== DATA FOR REVIEW

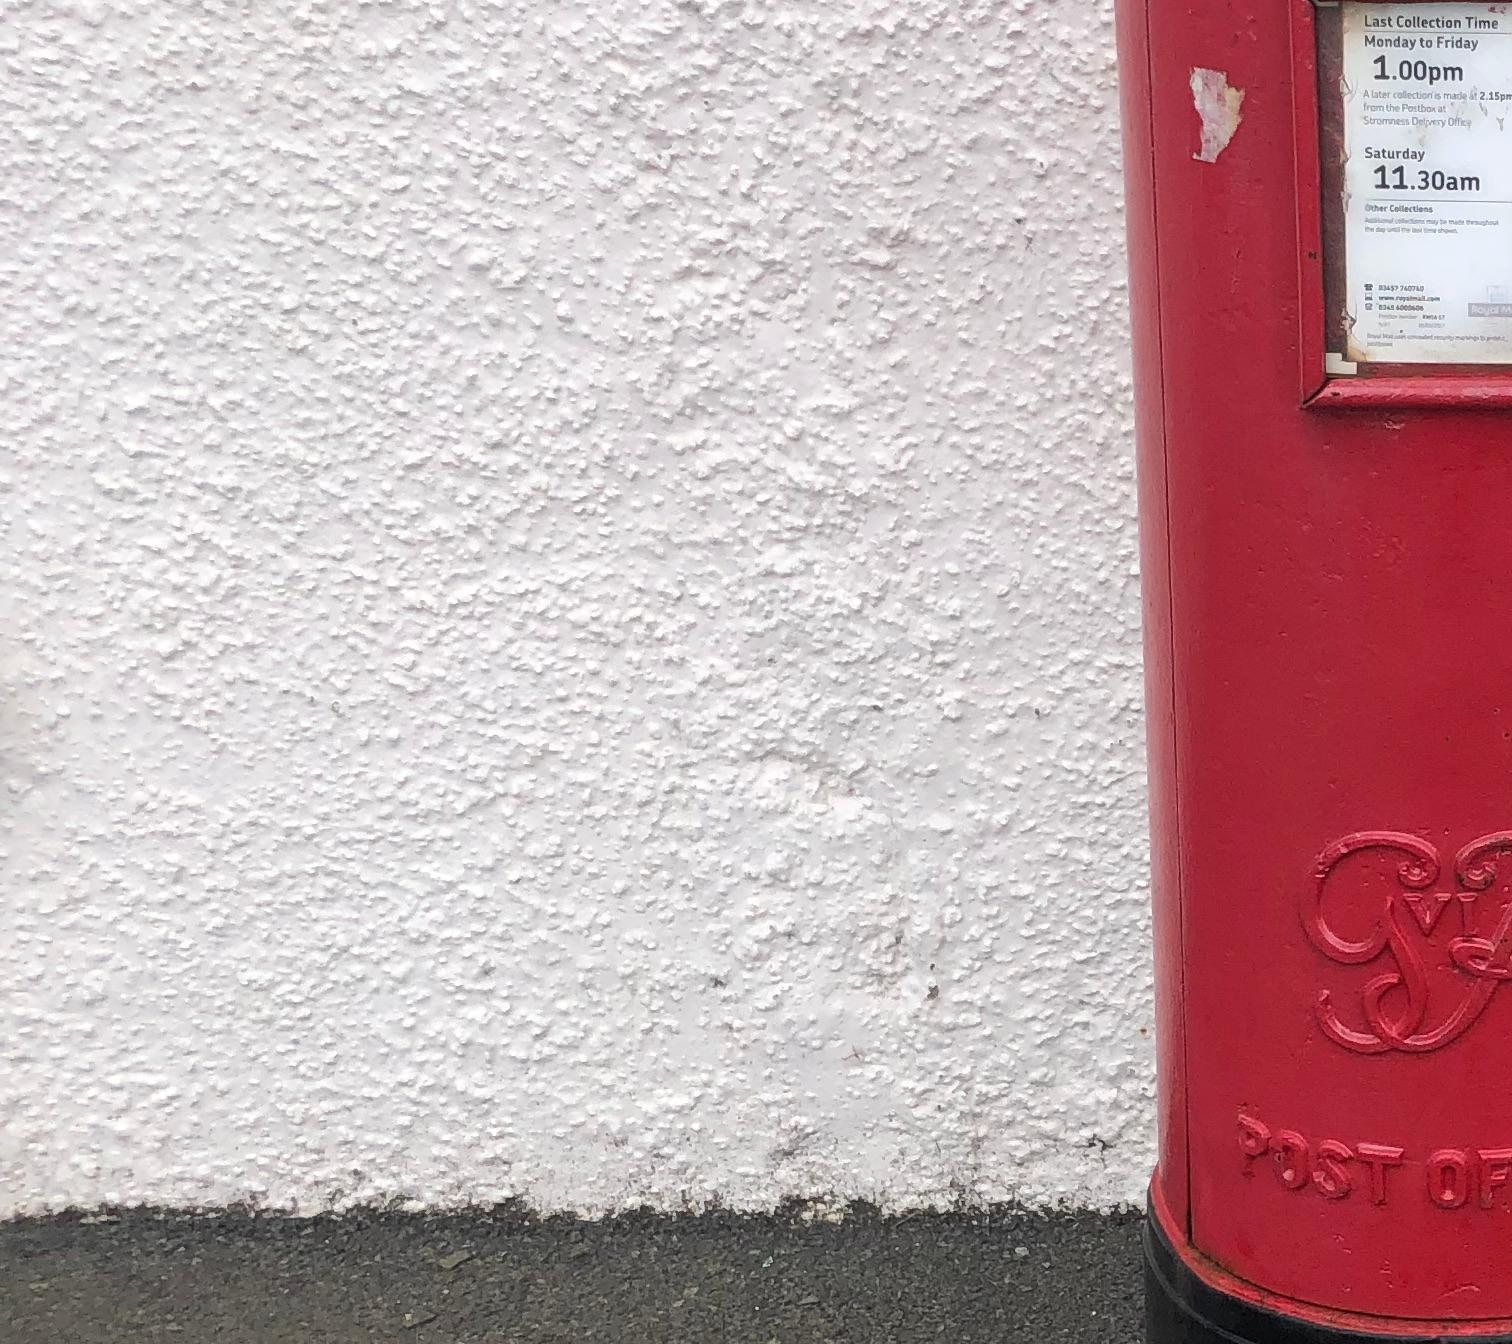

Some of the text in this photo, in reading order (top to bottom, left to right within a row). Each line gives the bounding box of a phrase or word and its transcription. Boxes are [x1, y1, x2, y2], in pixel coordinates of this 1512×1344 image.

[1364, 15, 1499, 30] Last Collection Time
[1364, 35, 1479, 51] Monday to Friday
[1373, 54, 1463, 85] 1.00pm
[1363, 90, 1370, 99] A
[1371, 90, 1390, 99] later
[1393, 90, 1433, 100] collection
[1434, 91, 1441, 100] is
[1443, 91, 1468, 101] made
[1363, 103, 1446, 113] from the Postbox at
[1363, 116, 1410, 126] Stromness
[1448, 117, 1472, 128] Office
[1364, 146, 1425, 162] Saturday
[1373, 164, 1480, 191] 11.30am
[1364, 203, 1434, 213] Other Collections
[1236, 1112, 1404, 1207] POST

====

Each record above must be retyped exactly, minus its pictures.

Some of the text in this photo, in reading order (top to bottom, left to right within a row). Each line gives the bounding box of a phrase or word and its transcription. Boxes are [x1, y1, x2, y2], in pixel coordinates of this 1512×1344 image.

[1364, 15, 1499, 30] Last Collection Time
[1364, 35, 1479, 51] Monday to Friday
[1373, 54, 1463, 85] 1.00pm
[1363, 90, 1370, 99] A
[1371, 90, 1390, 99] later
[1393, 90, 1433, 100] collection
[1434, 91, 1441, 100] is
[1443, 91, 1468, 101] made
[1363, 103, 1446, 113] from the Postbox at
[1363, 116, 1410, 126] Stromness
[1448, 117, 1472, 128] Office
[1364, 146, 1425, 162] Saturday
[1373, 164, 1480, 191] 11.30am
[1364, 203, 1434, 213] Other Collections
[1236, 1112, 1404, 1207] POST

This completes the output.